Com a vitória na etapa distrital, a reportagem segue agora para a etapa regional do Prêmio Sebrae de Jornalismo 2026. Os trabalhos mais bem avaliados nessa fase avançam para a etapa nacional.

A premiação reconhece trabalhos jornalísticos que abordam o empreendedorismo e o desenvolvimento econômico e social, valorizando diferentes formatos e categorias de produção jornalística.

Para os estudantes Mayara Mendes e Mateus Péres, a reportagem também representa o resultado de uma experiência de apuração voltada à escuta de mulheres de diferentes regiões do país e à valorização das histórias produzidas a partir dos territórios.

Terceira vitória seguida

Esta é a terceira vez consecutiva que a Agência de Notícias CEUB conquista o primeiro lugar na categoria Jornalismo Universitário do Prêmio Sebrae de Jornalismo.

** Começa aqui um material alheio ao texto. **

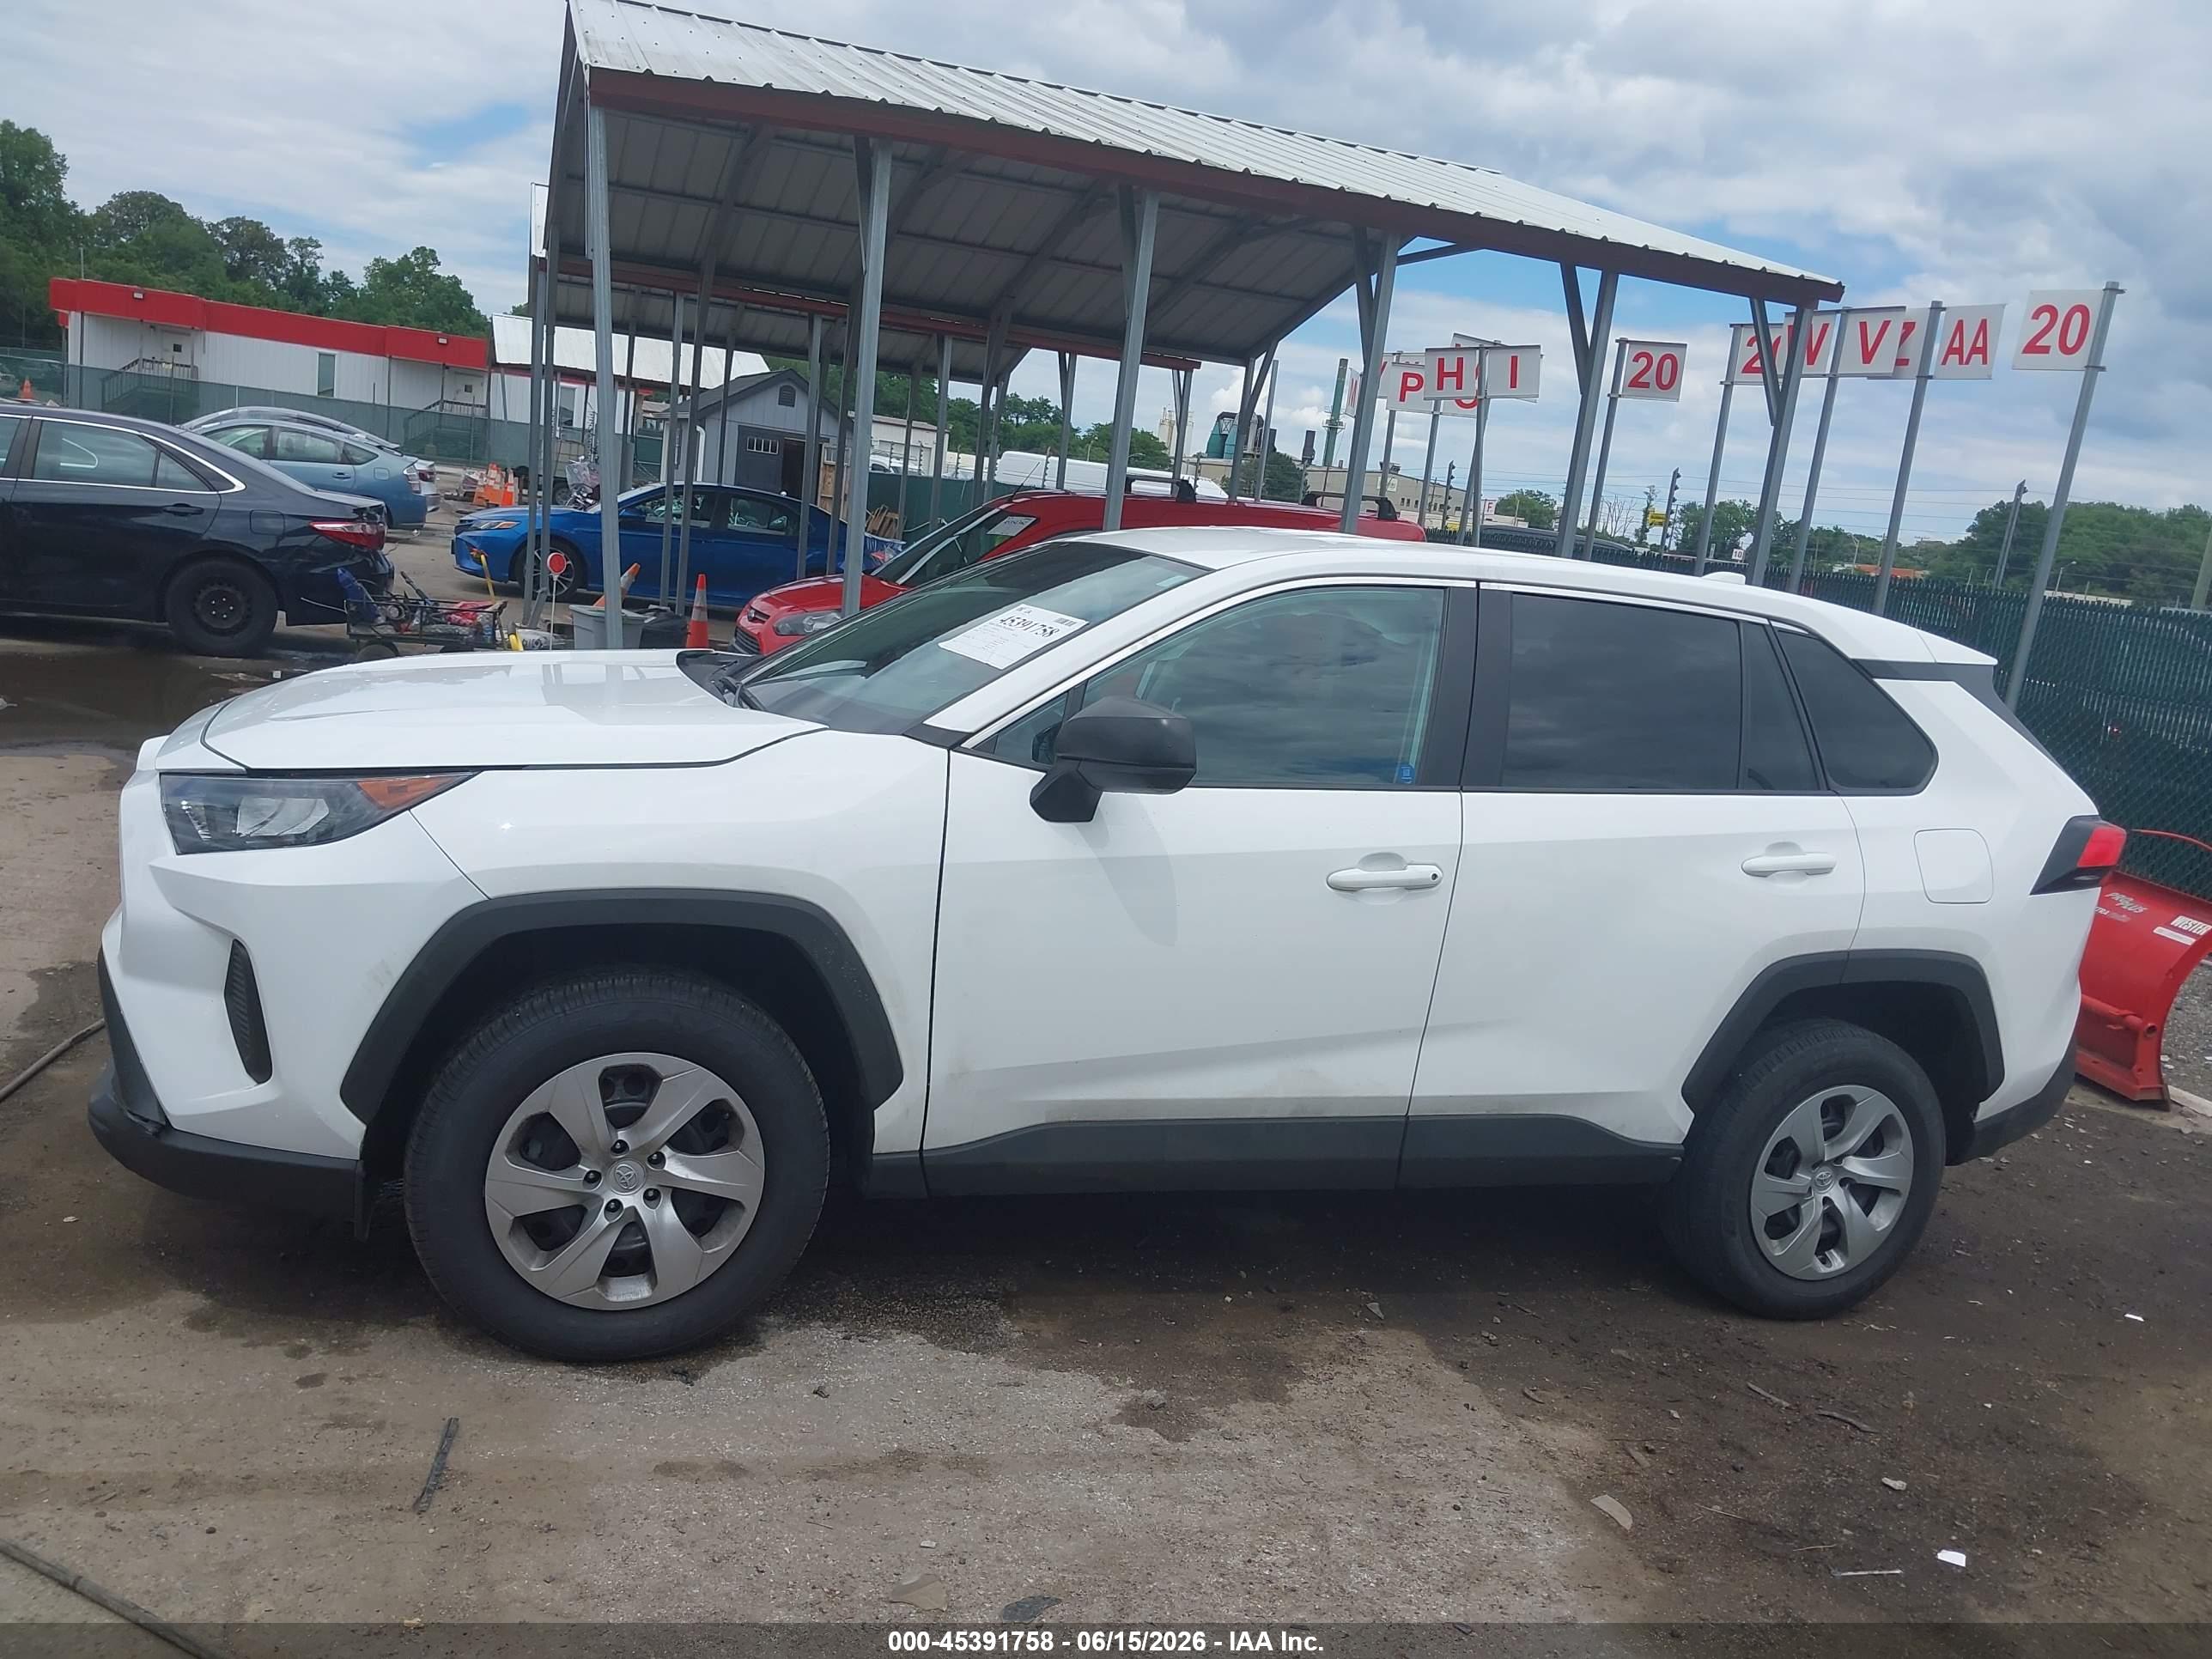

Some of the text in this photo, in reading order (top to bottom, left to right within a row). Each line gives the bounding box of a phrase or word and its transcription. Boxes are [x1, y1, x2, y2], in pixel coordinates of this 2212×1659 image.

Na edição anterior, a reportagem “Famílias de comunidade quilombola em GO enlaçam geração de renda e proteção ao cerrado com produção de marmelada”, escrita pela então estudante Milena Dias, foi escolhida a melhor do Distrito Federal na categoria.

Em 2024, a reportagem  “Cooperativa de reciclagem busca ressocializar detentos e gerar renda na periferia do DF”, produzida para o projeto de extensão Agência de Notícias Ceub, e assinada pelas universitárias Milena Dias e Nathália Maciel, conquistou também o 1º lugar do Prêmio Sebrae na etapa estadual.